De un tiempo a esta parte no me
apetece escribir lo que quiero escribir en el blog. ¿Un contrasentido? Quizá. Pero
también una consecuencia lógica de vivir en un mundo que cada vez está más
loco. Por otro lado, la pandemia, y los diversos grados de reclusión a que nos
ha obligado, ha reducido mi horizonte y ha hecho que centre la mirada en mi
entorno más próximo, en la ciudad donde vivo. Y no me gusta lo que veo.
Nací en Barcelona, pero soy
madrileño. Aquí he residido siempre (salvo mi primer año de vida), aquí me he
criado, este ha sido el escenario de los principales acontecimientos de mi
existencia. Lo cual no significa que me sienta madrileño, en el sentido
patriótico del término “sentir”. En realidad, me alegro de no sentirme de
ninguna parte, de que mis raíces sea aéreas. Pero no cabe duda de que existe
una ligazón sentimental con Madrid.
El Madrid de mi infancia y
adolescencia era poco más que un gran poblachón manchego, paleto, atrasado,
sumido en la casposa mediocridad franquista. Pero también era una ciudad
amable, abierta, un lugar en el que nadie se sentía forastero, porque todos lo
éramos.
Luego, a finales de los 70 y comienzos
de los 80, la ciudad se sacudió las telarañas del provincianismo y hubo una explosión
de optimismo y ansias de libertad. Eran los tiempos de Tierno Galván y la
movida, tiempos en los que todo parecía posible. Al final, los estragos del
caballo y demasiadas promesas incumplidas se lo llevaron todo por delante.

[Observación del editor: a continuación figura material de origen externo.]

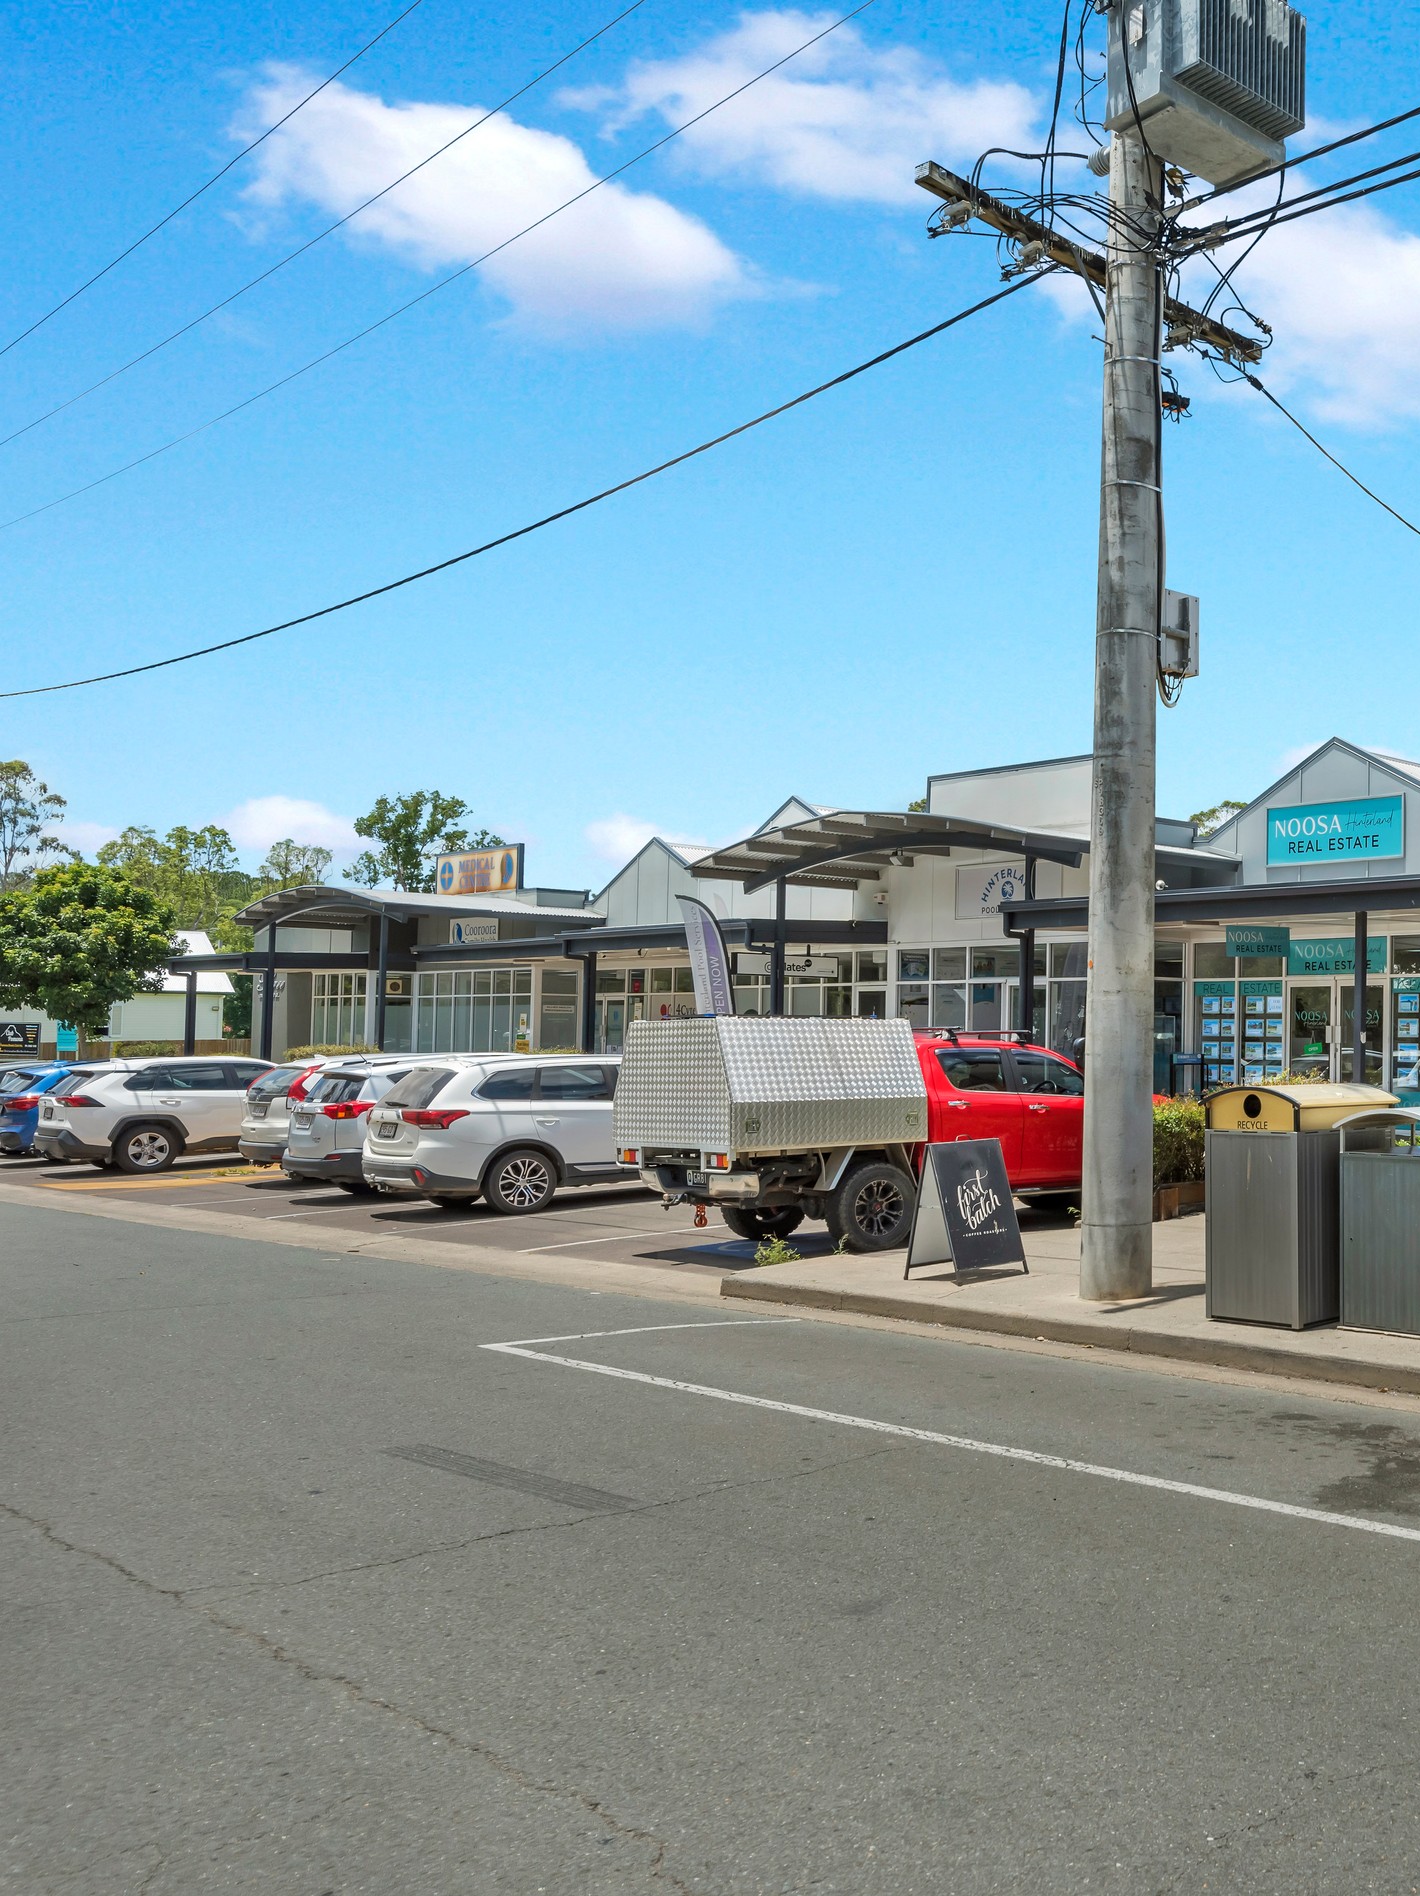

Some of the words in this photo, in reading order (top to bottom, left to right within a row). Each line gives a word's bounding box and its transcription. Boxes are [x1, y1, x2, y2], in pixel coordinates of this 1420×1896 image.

En los 90, la ciudad comenzó a
derechizarse, entre otras cosas por el empeño del PSOE en no presentar
candidatos de fuste (la federación madrileña era una jaula de grillos). La
ciudad/comunidad pasó a manos de personajes como Ruiz-Gallardón o el meapilas
de Álvarez del Manzano.
Con el cambio de milenio llegaron
otros nombres, como Esperanza Aguirre, Ana Botella, Ignacio González, Cristina
Cifuentes... Muchos de ellos han pasado por la cárcel o están encausados. Fueron
tiempos de latrocinio y corrupción, de caraduras afines al poder, de
chanchullos a destajo.
Pero, ¿sabéis?, todo eso lo
comprendo. Entendedme, no lo disculpo, pero entiendo el mecanismo que hay
detrás. Un político tiene ganas de forrarse, carece de escrúpulo y roba a manos
llenas. Vale, es altamente reprobable, pero fácilmente comprensible.
Pero lo que está ocurriendo ahora se
me escapa.
Ayuso, una política que no para de
decir sandeces, una señora que lo único que ha hecho en su vida es llevar las
redes sociales de un perro, una presidenta incapaz de sacar adelante una sola
ley o un presupuesto. Ayuso, que ha protagonizado la peor gestión de la
pandemia, que gracias a su inoperancia ha causado miles de muertos en las
residencias de ancianos, que cuando más falta hacía la unidad y la solidaridad,
ella optaba por el enfrentamiento partidario. Ayuso, que miente con desparpajo,
que no vacila en echar la culpa a los demás de sus propios errores, que no
tiene el menor escrúpulo en hacer manitas con la ultraderecha. Ayuso, la
iletrada, la inoperante, la trumpista.
Esa Ayuso ha decidido malgastar
nuestro tiempo y nuestro dinero en convocar unas elecciones innecesarias, solo
para poder ocupar el poder (que no gobernar), con más comodidad. Un caprichito,
vamos. Y lo va hacer agitando la bandera de la libertad. ¿Libertad para qué?
Para tomar cañitas en una terracita. Parece un chiste del Mundo Today.
Pues bien, hasta ahí lo entiendo;
idiotas tóxicos los hay por todas partes. Pero lo que se me escapa, lo que me
desconcierta, lo que me sume en la perplejidad y el desánimo, es que Ayuso, ese
cúmulo de torpezas y tonterías, va a ganar por goleada. Y no lo entiendo; no
entiendo en qué coño piensa la gente cuando va a votar o a no votar. Creo que
nos hemos vuelto locos.
¿Veis?, por eso no quiero escribir
esta clase de cosas, porque no sirven para nada, porque me deprimen y porque no
son más que una muestra de mi ridícula ingenuidad.
Mañana iré a votar e introduciré mi
voto en la urna sabiendo que hago poco más que tirarlo a la papelera. Porque
haga lo que haga, mis incomprensibles conciudadanos van a decidir que los
presida una impresentable. Como rezaba una vieja revista, Madrid me mata.